[Records from a collection]

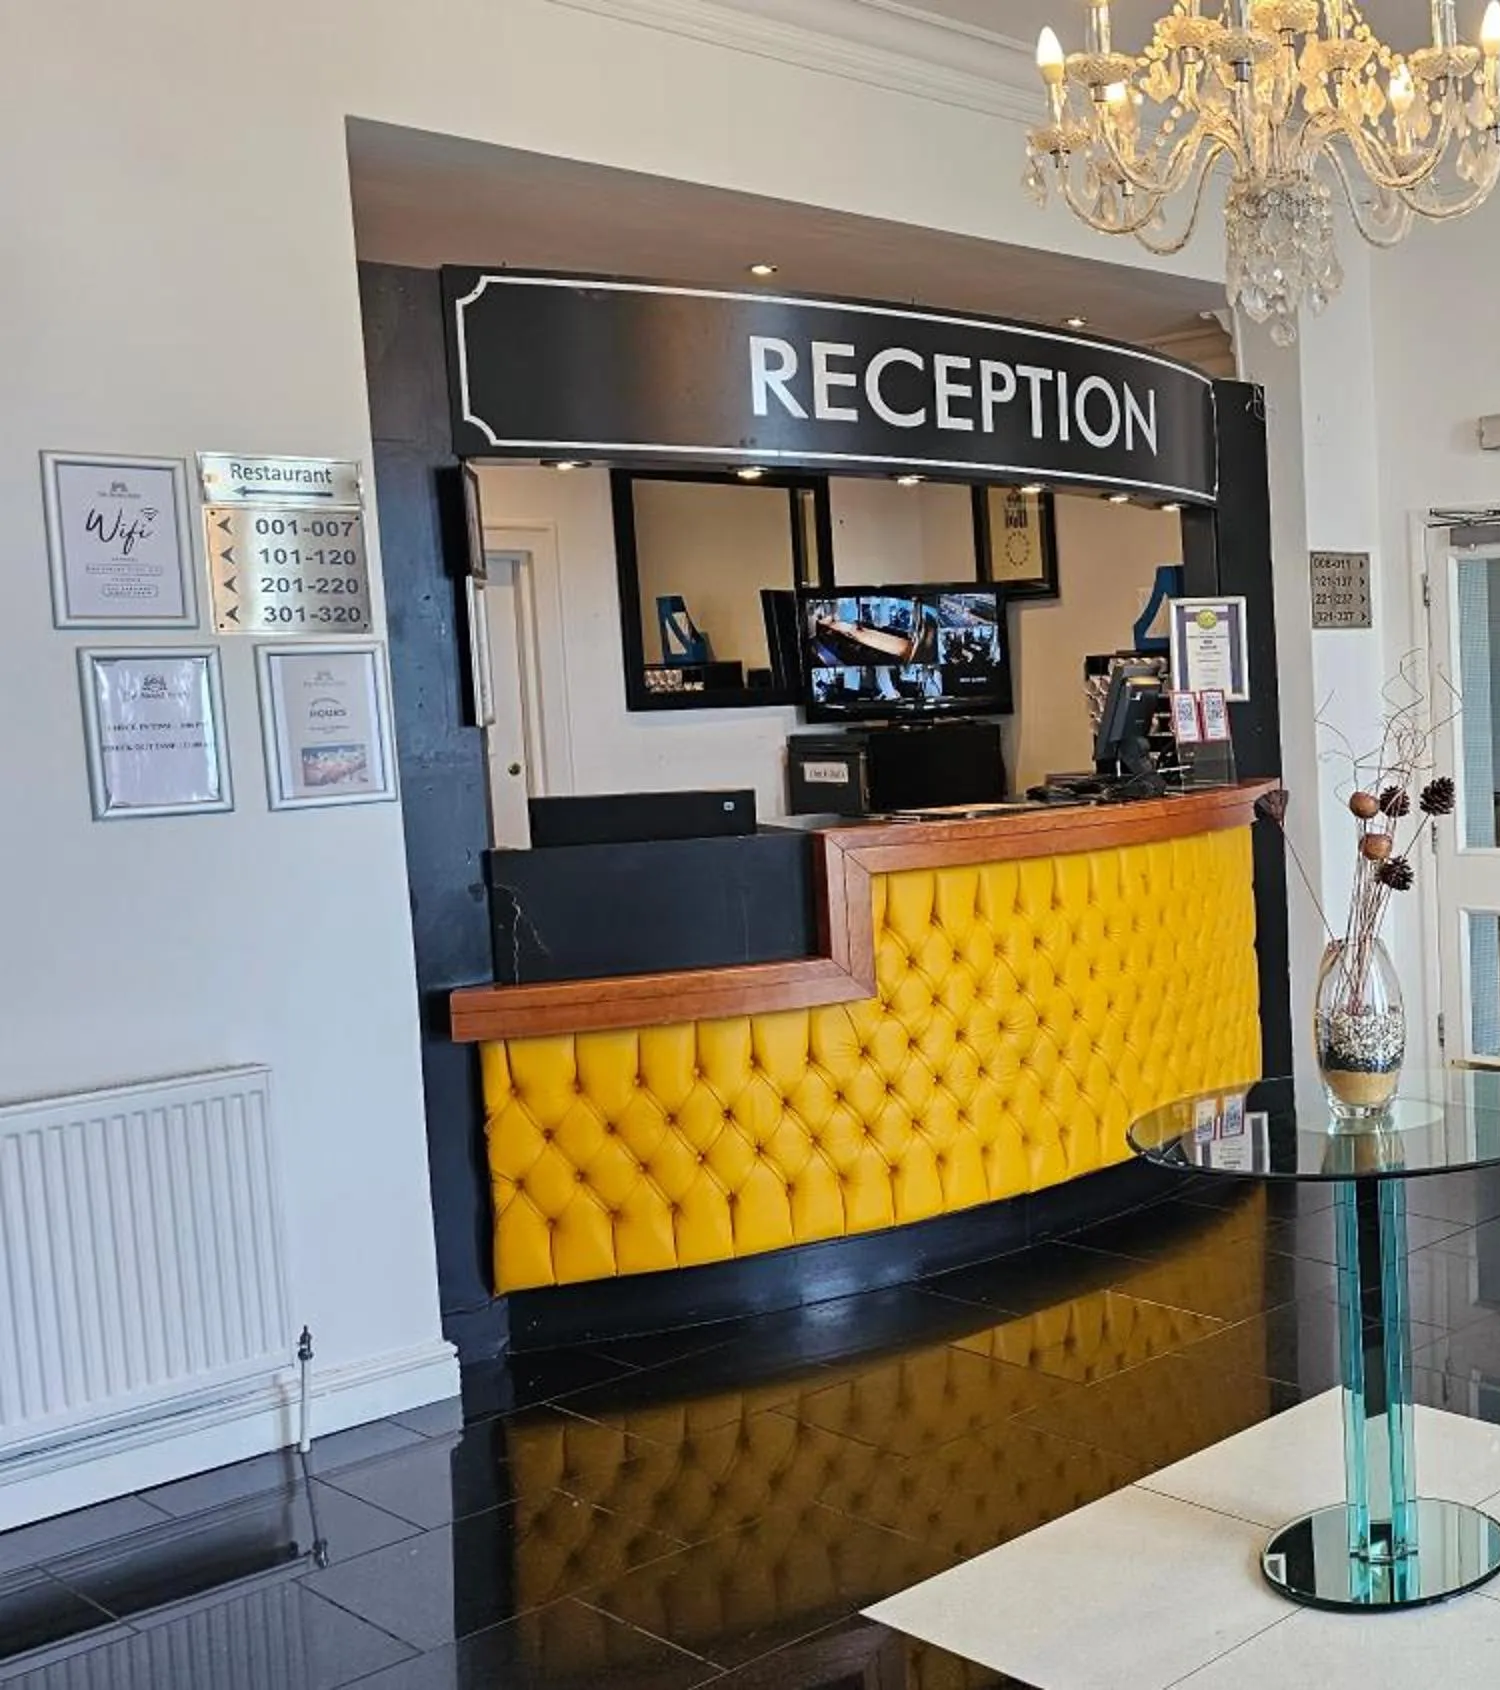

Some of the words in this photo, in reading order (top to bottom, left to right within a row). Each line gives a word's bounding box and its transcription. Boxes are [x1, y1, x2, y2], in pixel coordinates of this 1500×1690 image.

[749, 335, 1158, 457] RECEPTION
[230, 463, 333, 484] Restaurant
[85, 507, 154, 555] Wifi
[255, 519, 354, 537] 001-007
[259, 548, 357, 565] 101-120
[261, 577, 359, 594] 201-220
[264, 606, 361, 623] 301-320
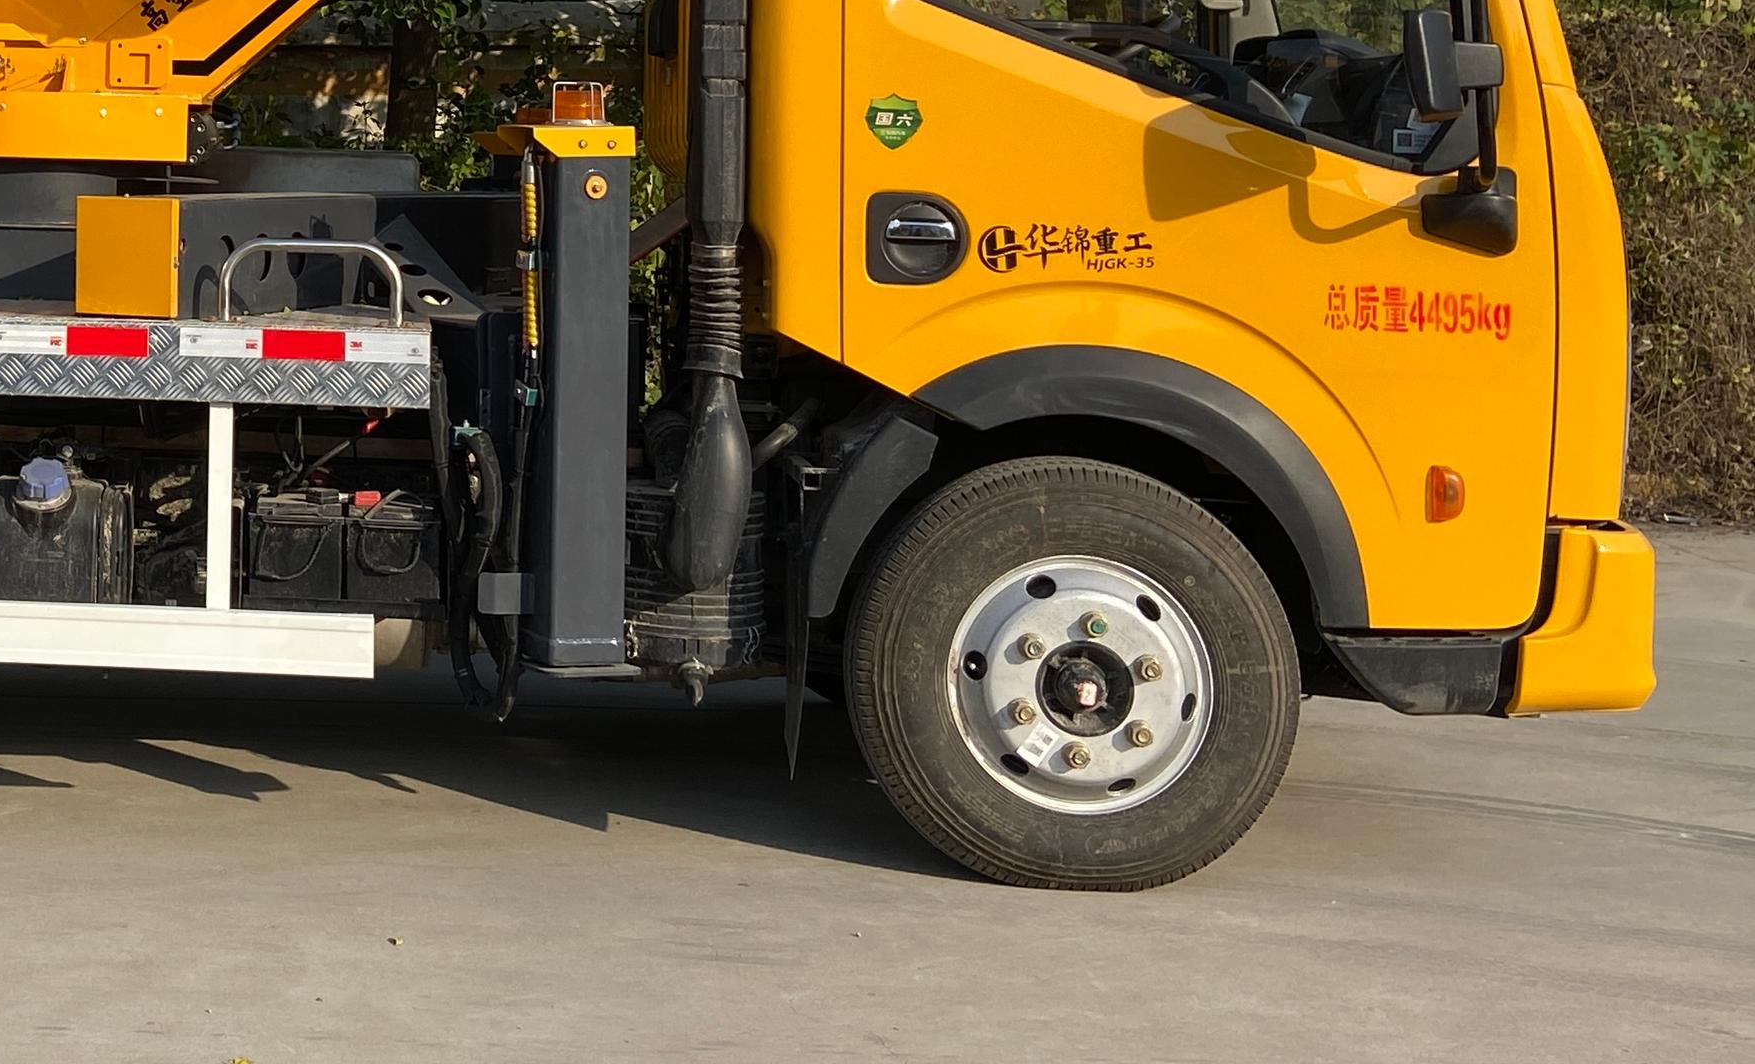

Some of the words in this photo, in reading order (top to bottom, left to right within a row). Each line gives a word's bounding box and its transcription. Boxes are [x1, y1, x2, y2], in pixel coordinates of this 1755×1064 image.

[875, 112, 914, 127] 国六
[1022, 223, 1153, 270] 华锦重工
[1086, 256, 1155, 272] HJGK-35
[1324, 284, 1512, 341] 总质量4495kg
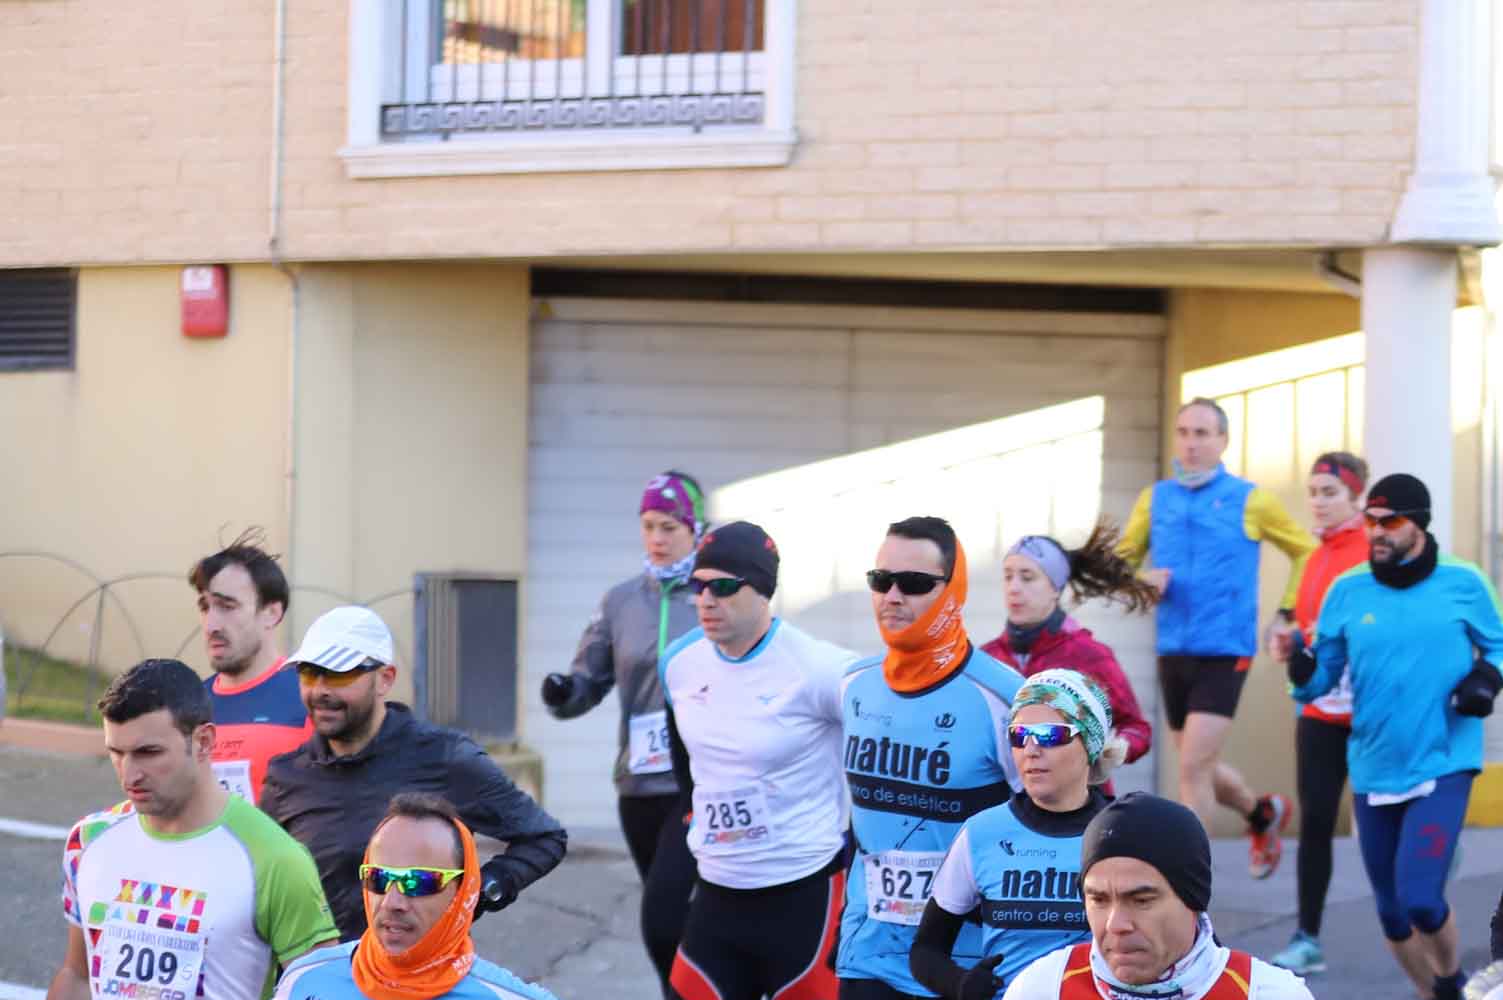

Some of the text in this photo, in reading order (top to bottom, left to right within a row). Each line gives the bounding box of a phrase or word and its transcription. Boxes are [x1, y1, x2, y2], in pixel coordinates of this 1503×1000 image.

[844, 734, 950, 786] naturé
[873, 784, 894, 802] de
[706, 800, 752, 829] 285
[1015, 847, 1056, 858] running
[881, 867, 934, 900] 627
[1002, 867, 1082, 899] natu
[992, 909, 1033, 922] centro
[1037, 908, 1058, 922] de
[115, 943, 178, 985] 209
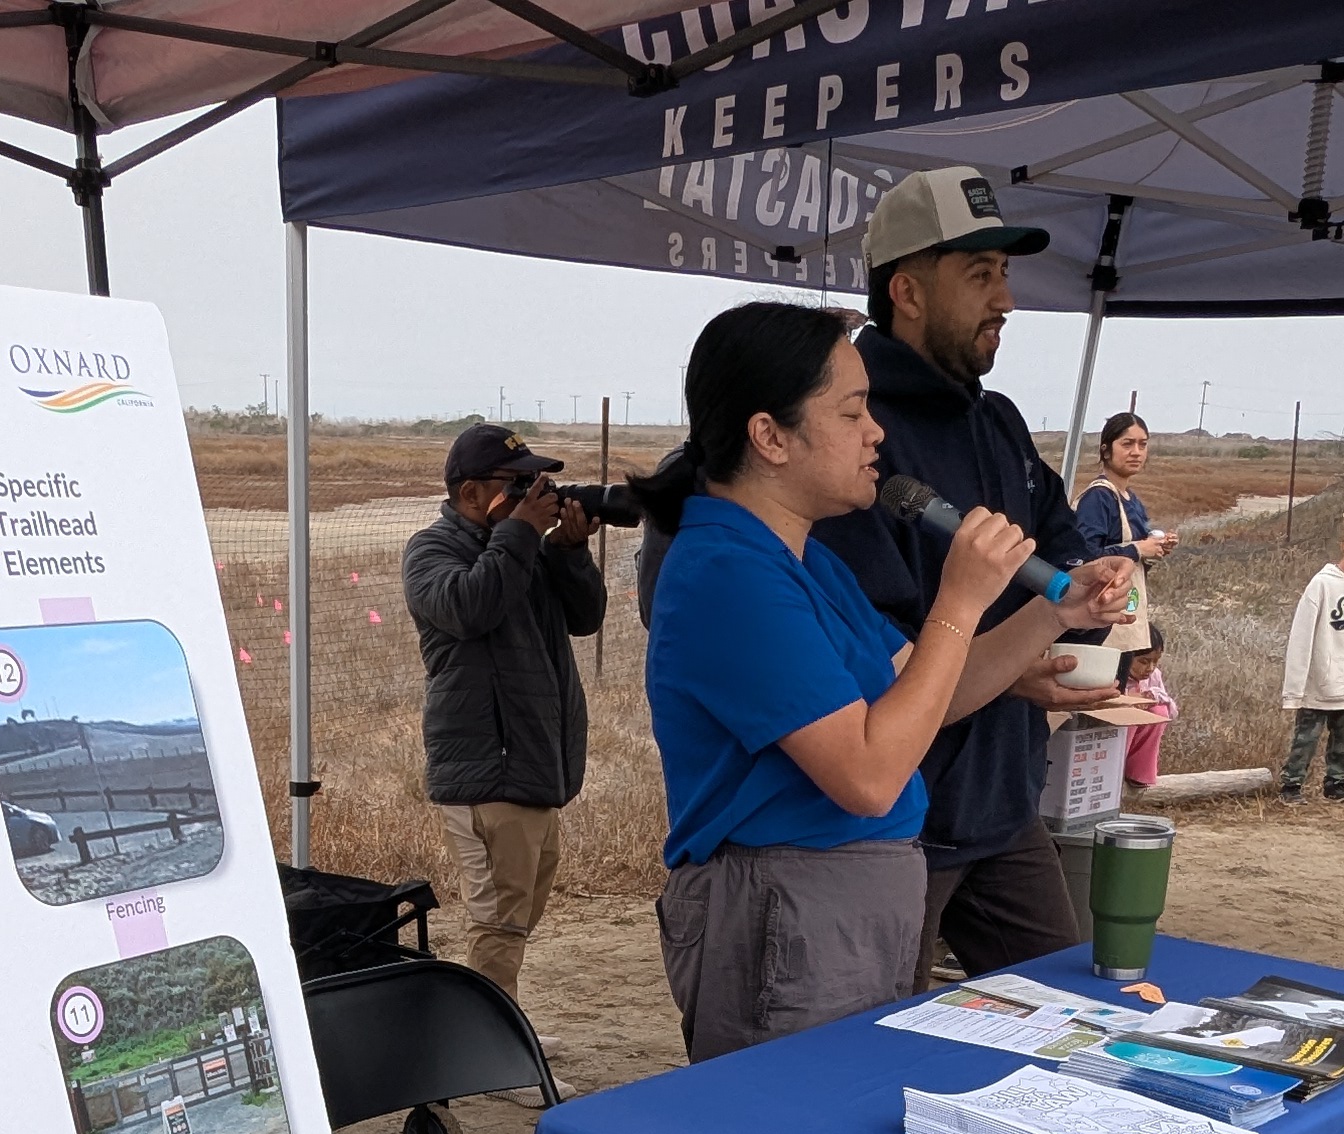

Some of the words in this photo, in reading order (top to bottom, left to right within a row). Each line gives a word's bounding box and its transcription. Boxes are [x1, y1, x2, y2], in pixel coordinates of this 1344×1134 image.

[663, 42, 1029, 158] KEEPERS
[10, 345, 130, 381] OXNARD
[3, 550, 105, 575] Elements
[106, 894, 166, 921] Fencing
[69, 1004, 91, 1026] 11

Work instruction | Please copy the records above word for word, leaving out every picture.

Task output |
Some of the words in this photo, in reading order (top to bottom, left to right within a row). Each line gives a word's bounding box and its transcription. Boxes are [x1, y1, x2, y2], in pixel coordinates of this 1500×1690 image.

[749, 335, 1158, 457] RECEPTION
[230, 463, 333, 484] Restaurant
[85, 507, 154, 555] Wifi
[255, 519, 354, 537] 001-007
[259, 548, 357, 565] 101-120
[261, 577, 359, 594] 201-220
[264, 606, 361, 623] 301-320

Some of the words in this photo, in reading order (top to bottom, left to right within a row). Each line gives a word's bounding box and its transcription. Boxes are [x1, y1, x2, y2], in pixel coordinates of this 1755×1064 image.

[875, 112, 914, 127] 国六
[1022, 223, 1153, 270] 华锦重工
[1086, 256, 1155, 272] HJGK-35
[1324, 284, 1512, 341] 总质量4495kg

Some of the text in this photo, in reading order (top to bottom, left to right within a row). Each line gives the bounding box of a phrase or word and its transcription. Boxes are [x1, y1, x2, y2], in pixel coordinates of this 1503×1000 image.

[844, 734, 950, 786] naturé
[873, 784, 894, 802] de
[706, 800, 752, 829] 285
[1015, 847, 1056, 858] running
[881, 867, 934, 900] 627
[1002, 867, 1082, 899] natu
[992, 909, 1033, 922] centro
[1037, 908, 1058, 922] de
[115, 943, 178, 985] 209

Some of the words in this photo, in reading order (top to bottom, left to right within a row). Each line gives a word's bounding box and its transcription. Boxes are [x1, y1, x2, y2], in pixel coordinates of this 1344×1134 image.

[663, 42, 1029, 158] KEEPERS
[10, 345, 130, 381] OXNARD
[3, 550, 105, 575] Elements
[106, 894, 166, 921] Fencing
[69, 1004, 91, 1026] 11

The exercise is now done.